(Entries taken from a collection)
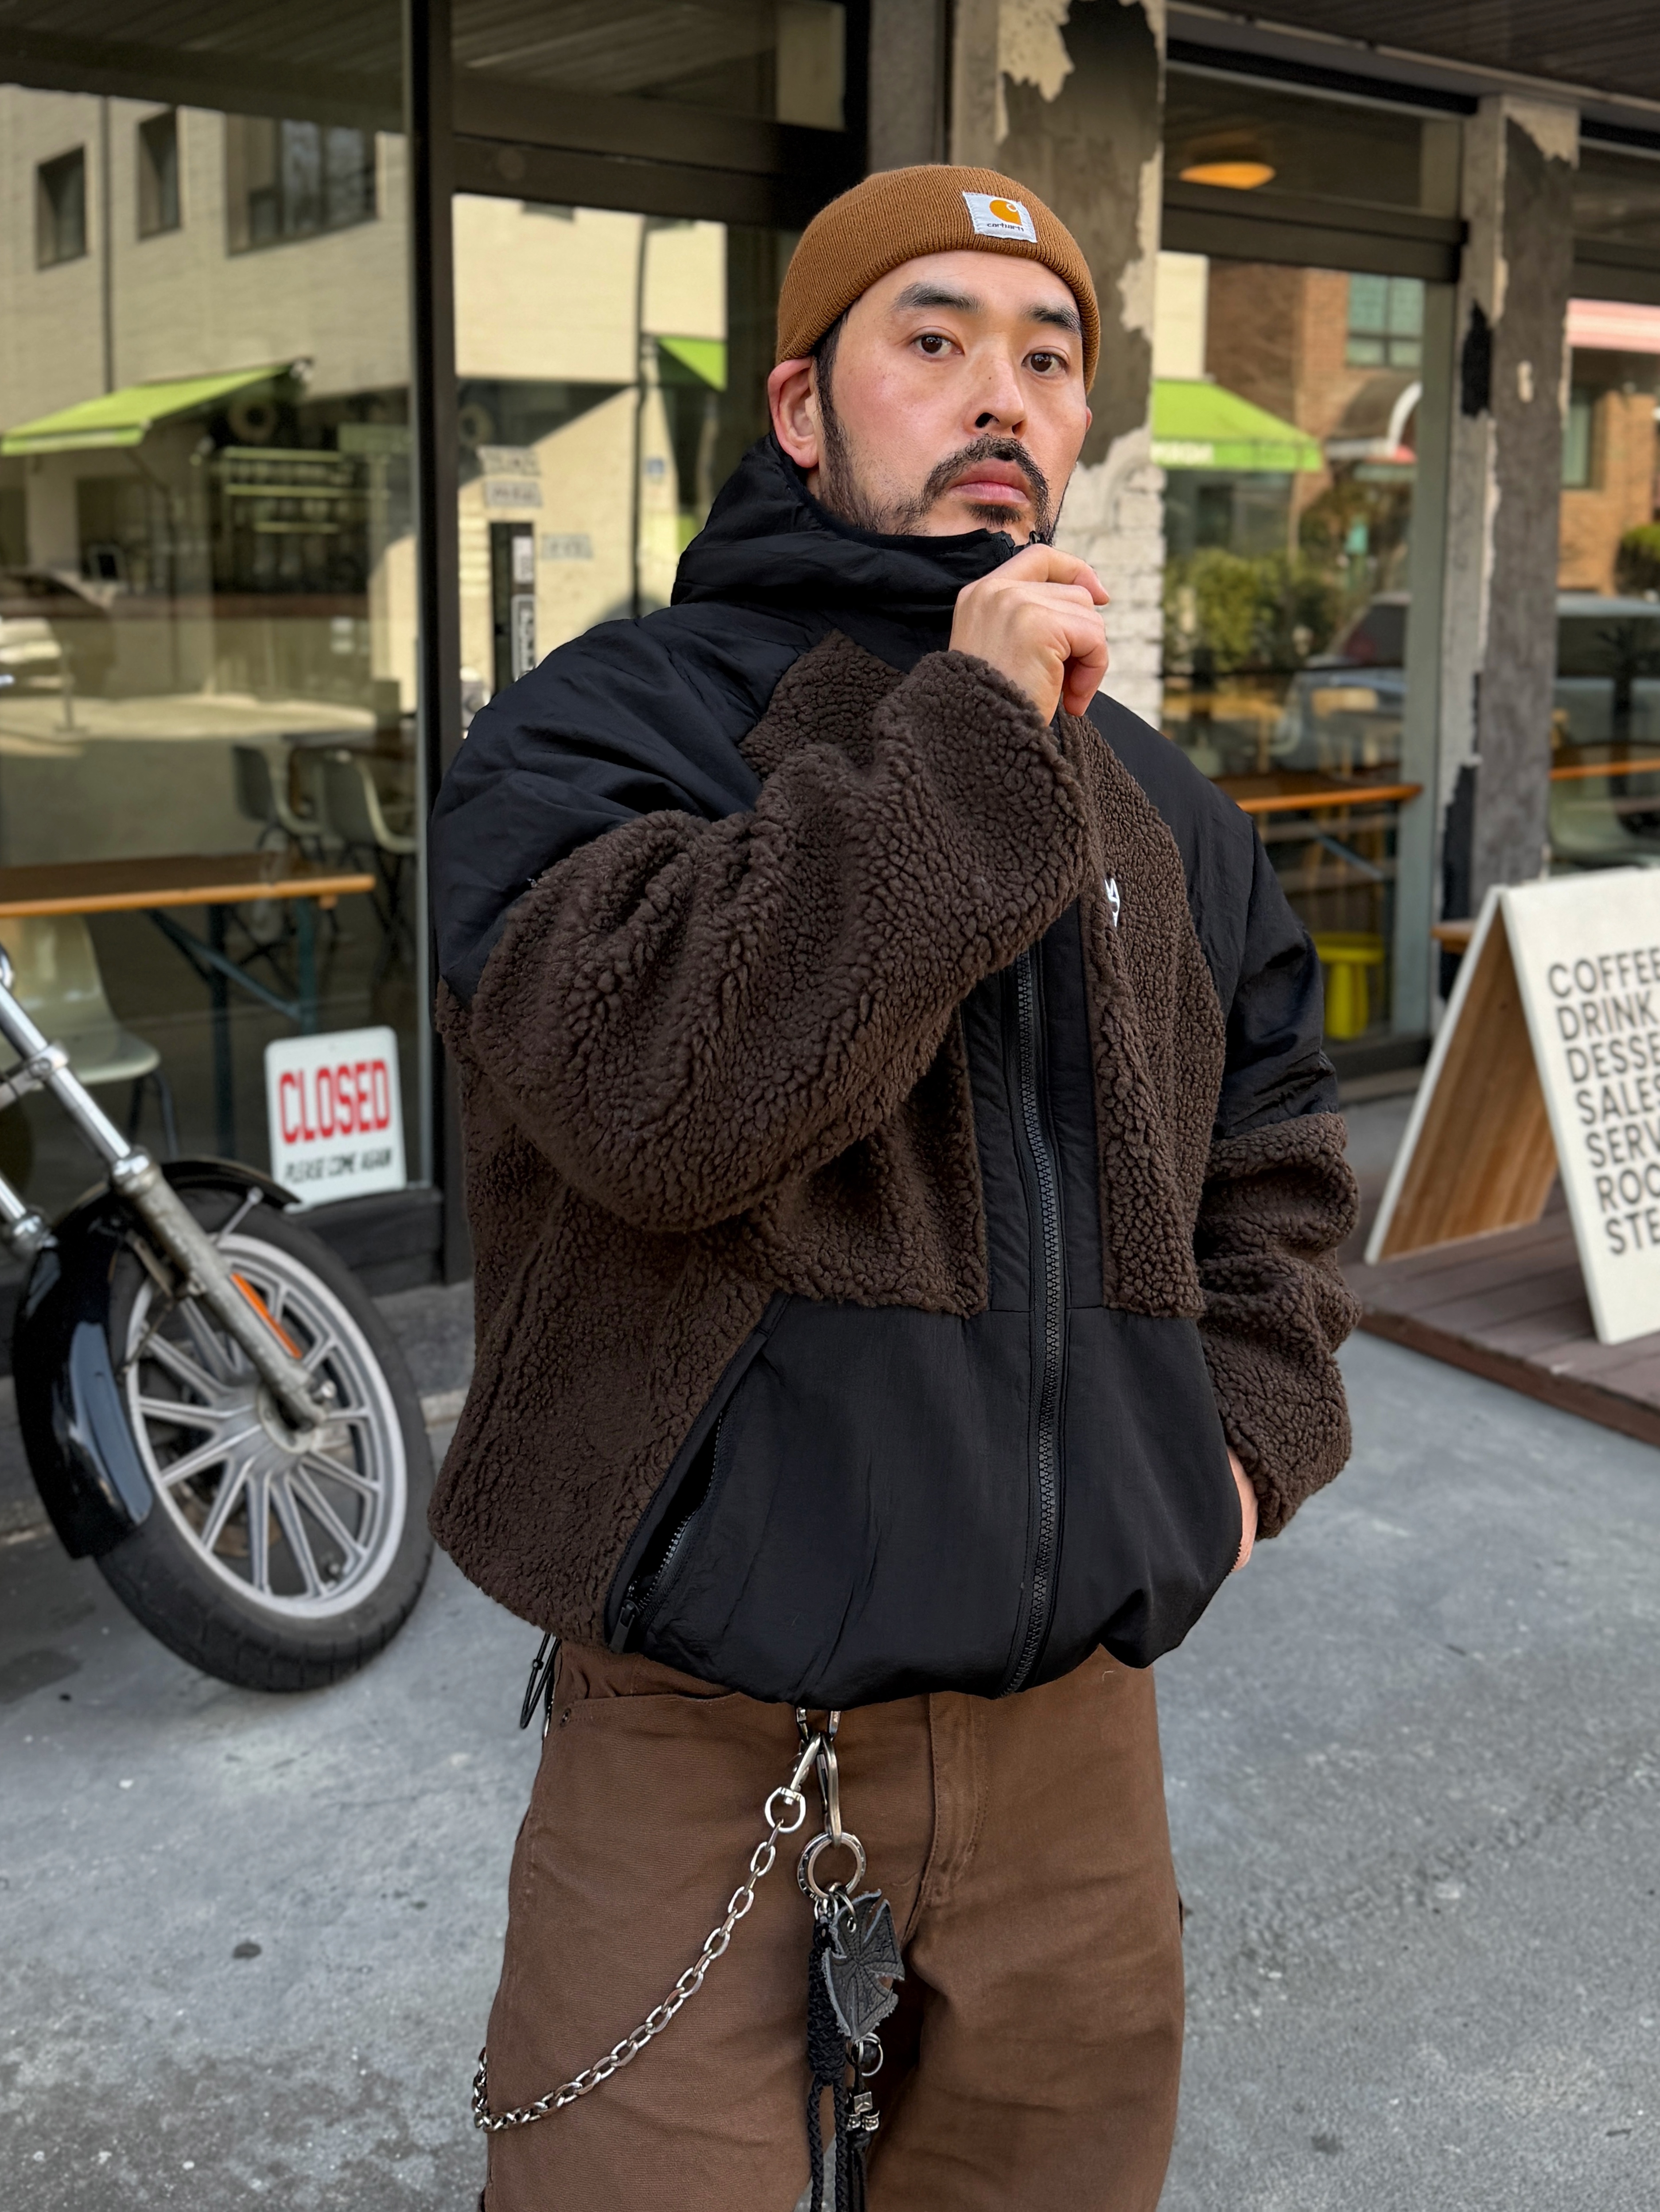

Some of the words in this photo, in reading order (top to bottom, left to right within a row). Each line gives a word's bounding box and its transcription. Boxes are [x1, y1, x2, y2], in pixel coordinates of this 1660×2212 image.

[987, 223, 1024, 231] carhartt
[1547, 947, 1660, 998] COFFEE
[1556, 990, 1659, 1041] DRINK
[1566, 1032, 1660, 1083] DESSE
[279, 1059, 391, 1145] CLOSED
[286, 1158, 324, 1184] PLEASE
[328, 1152, 356, 1177] COME
[362, 1148, 391, 1170] AGAIN
[1606, 1206, 1660, 1256] STE

Work instructions
Give the data again exactly as it stands, apart from the pictures.

The answer
Some of the words in this photo, in reading order (top to bottom, left to right within a row). Each line gives a word's bounding box and its transcription. Boxes are [x1, y1, x2, y2], in pixel coordinates of this 1660×2212 image.

[987, 223, 1024, 231] carhartt
[1547, 947, 1660, 998] COFFEE
[1556, 990, 1659, 1041] DRINK
[1566, 1032, 1660, 1083] DESSE
[279, 1059, 391, 1145] CLOSED
[286, 1158, 324, 1184] PLEASE
[328, 1152, 356, 1177] COME
[362, 1148, 391, 1170] AGAIN
[1606, 1206, 1660, 1256] STE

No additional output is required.